**ASSIGNED TASK**
Retype the records word for word. Skip every image.

++++ RECORDS TO PROCESS

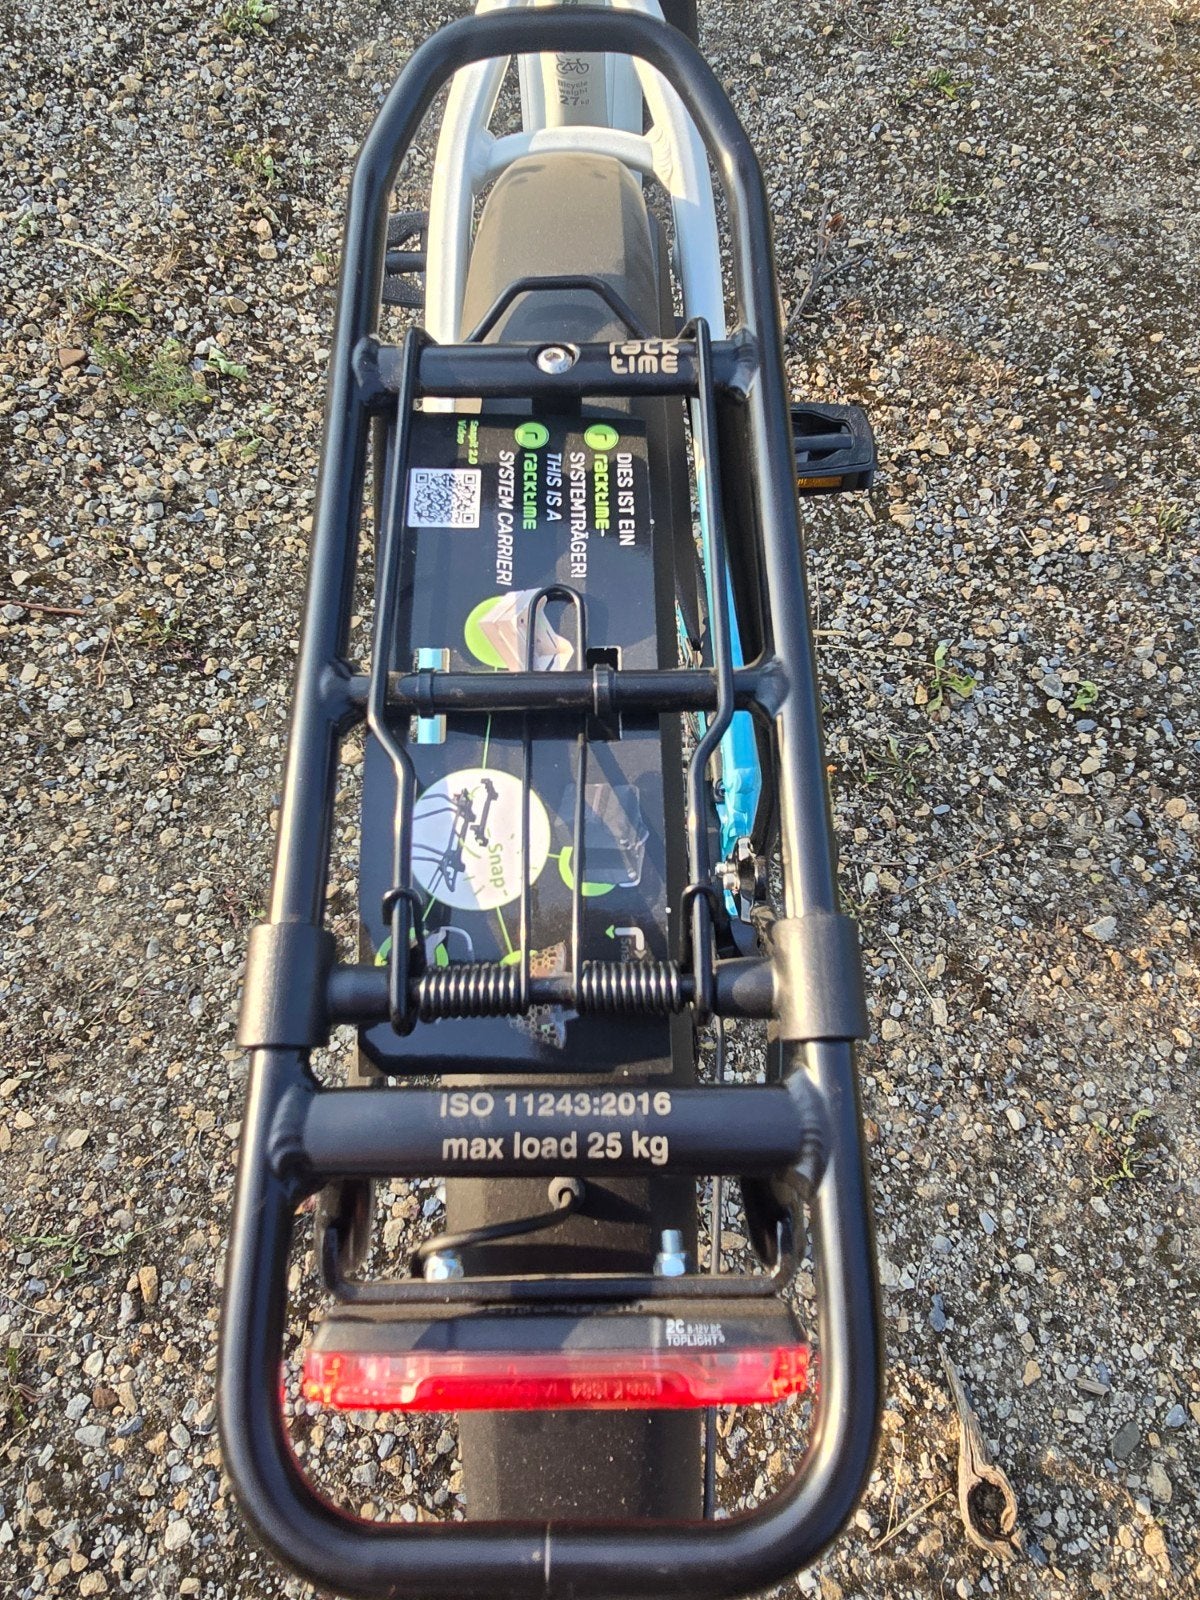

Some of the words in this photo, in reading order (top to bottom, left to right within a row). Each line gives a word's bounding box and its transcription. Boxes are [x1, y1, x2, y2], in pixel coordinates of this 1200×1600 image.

[558, 80, 588, 89] Bicycle
[560, 96, 579, 105] 27
[609, 340, 680, 355] rack
[456, 420, 467, 445] Video
[498, 449, 515, 510] SYSTEM
[546, 452, 562, 488] THIS
[616, 452, 634, 488] DIES
[546, 490, 562, 507] IS
[618, 490, 635, 516] IST
[546, 508, 562, 521] A
[569, 451, 589, 578] SYSTEMTRÄGER!
[618, 518, 636, 546] EIN
[496, 511, 514, 586] CARRIER!
[487, 843, 506, 888] Snap
[440, 1092, 495, 1118] ISO
[505, 1091, 672, 1117] 11243:2016
[442, 1136, 504, 1161] max
[513, 1130, 578, 1160] load
[586, 1131, 623, 1160] 25
[631, 1130, 669, 1166] kg
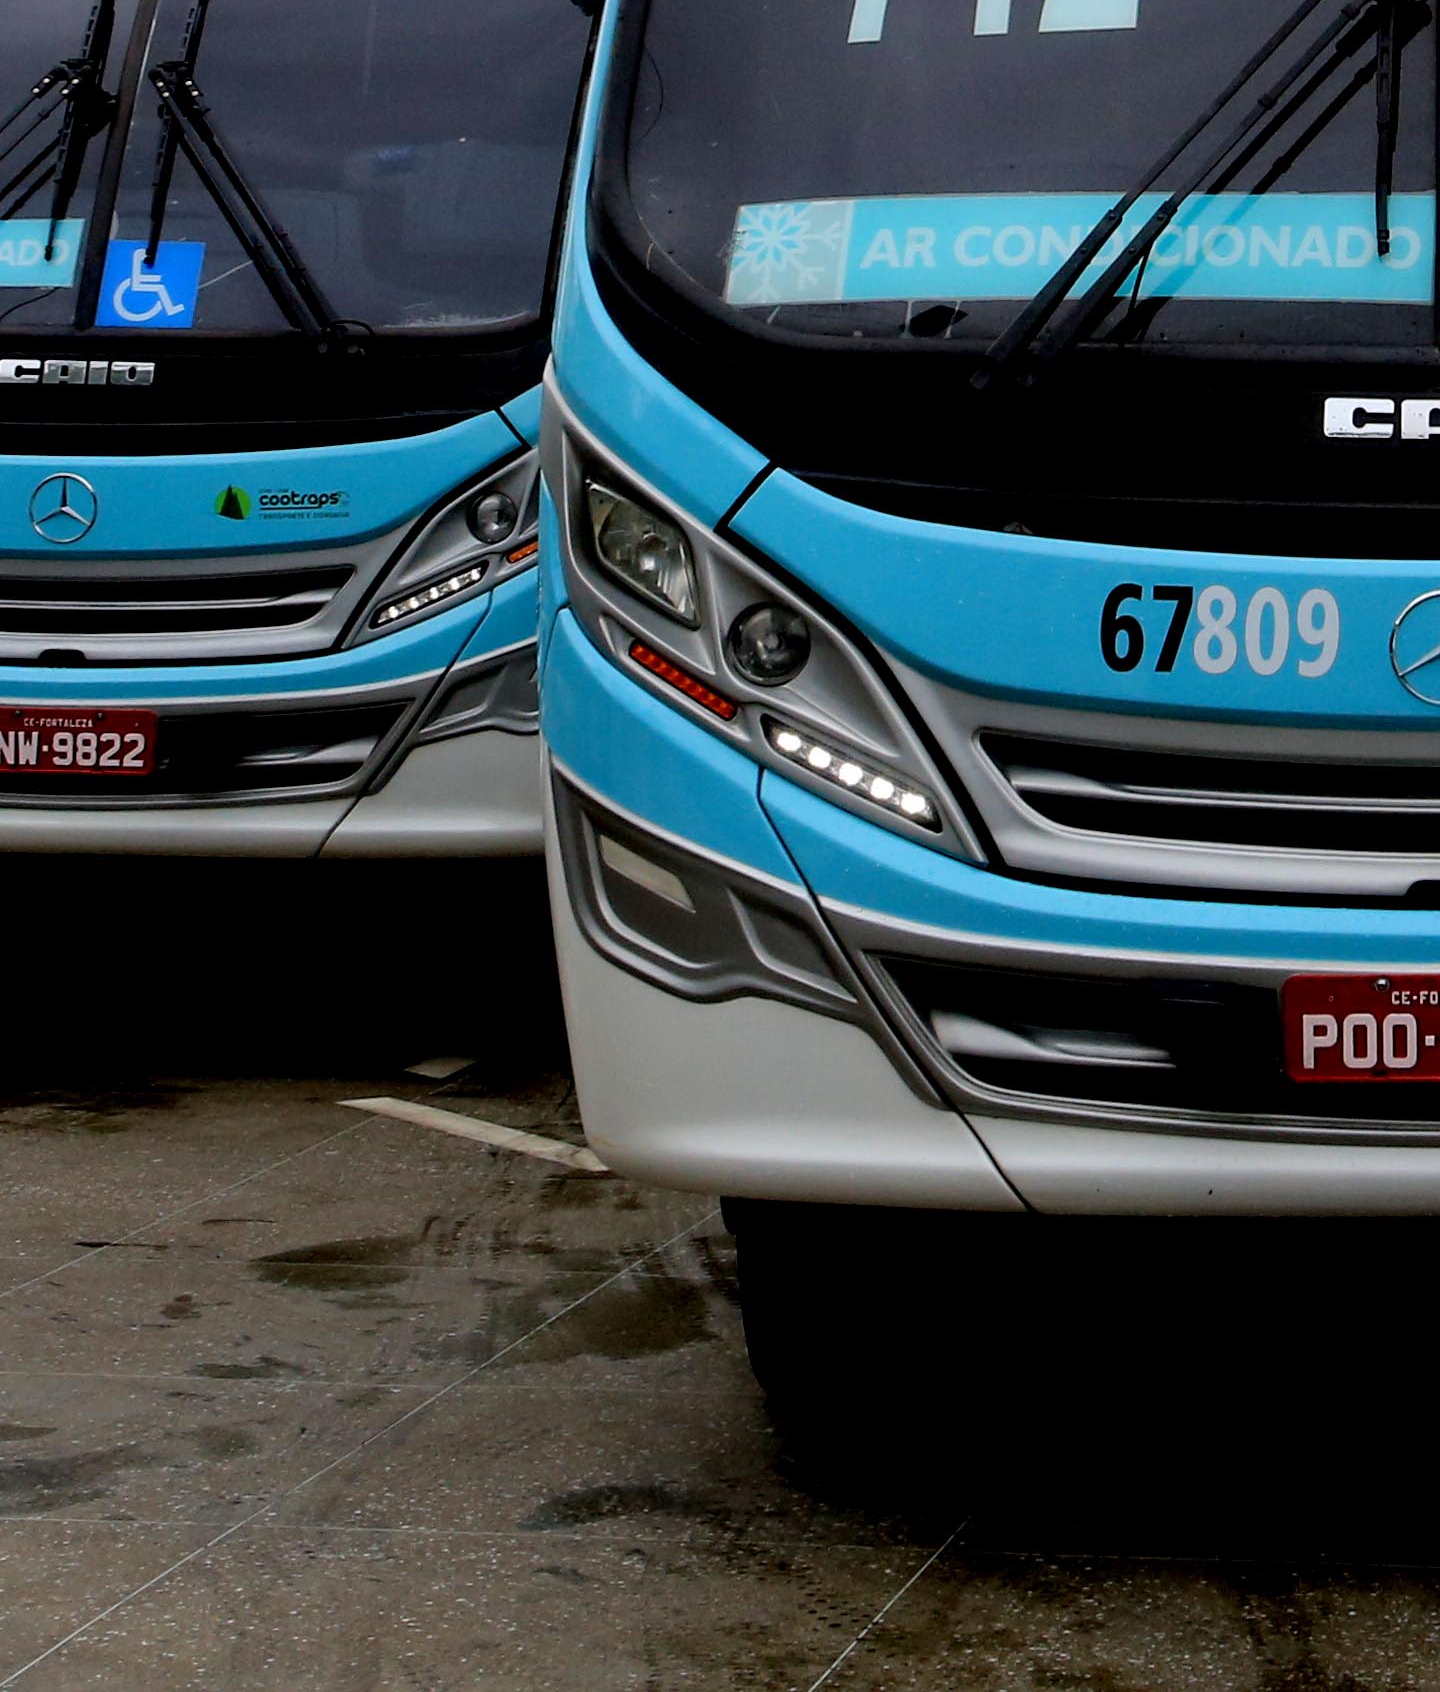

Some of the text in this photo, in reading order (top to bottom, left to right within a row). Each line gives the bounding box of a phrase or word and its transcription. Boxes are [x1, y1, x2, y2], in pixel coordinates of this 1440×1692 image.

++++++++

**RESPONSE TO THIS EXERCISE**
Some of the words in this photo, in reading order (top to bottom, left to right within a row). Each line gives a word's bounding box and its transcription. Boxes are [x1, y1, x2, y2], in pixel coordinates of this 1200×1600 image.

[558, 80, 588, 89] Bicycle
[560, 96, 579, 105] 27
[609, 340, 680, 355] rack
[456, 420, 467, 445] Video
[498, 449, 515, 510] SYSTEM
[546, 452, 562, 488] THIS
[616, 452, 634, 488] DIES
[546, 490, 562, 507] IS
[618, 490, 635, 516] IST
[546, 508, 562, 521] A
[569, 451, 589, 578] SYSTEMTRÄGER!
[618, 518, 636, 546] EIN
[496, 511, 514, 586] CARRIER!
[487, 843, 506, 888] Snap
[440, 1092, 495, 1118] ISO
[505, 1091, 672, 1117] 11243:2016
[442, 1136, 504, 1161] max
[513, 1130, 578, 1160] load
[586, 1131, 623, 1160] 25
[631, 1130, 669, 1166] kg

Some of the text in this photo, in reading order (top to bottom, left to right within a row). Each line gives the bounding box of a phrase or word and its transcription. Boxes are [x1, y1, x2, y2], in pixel coordinates of this 1440×1692 image.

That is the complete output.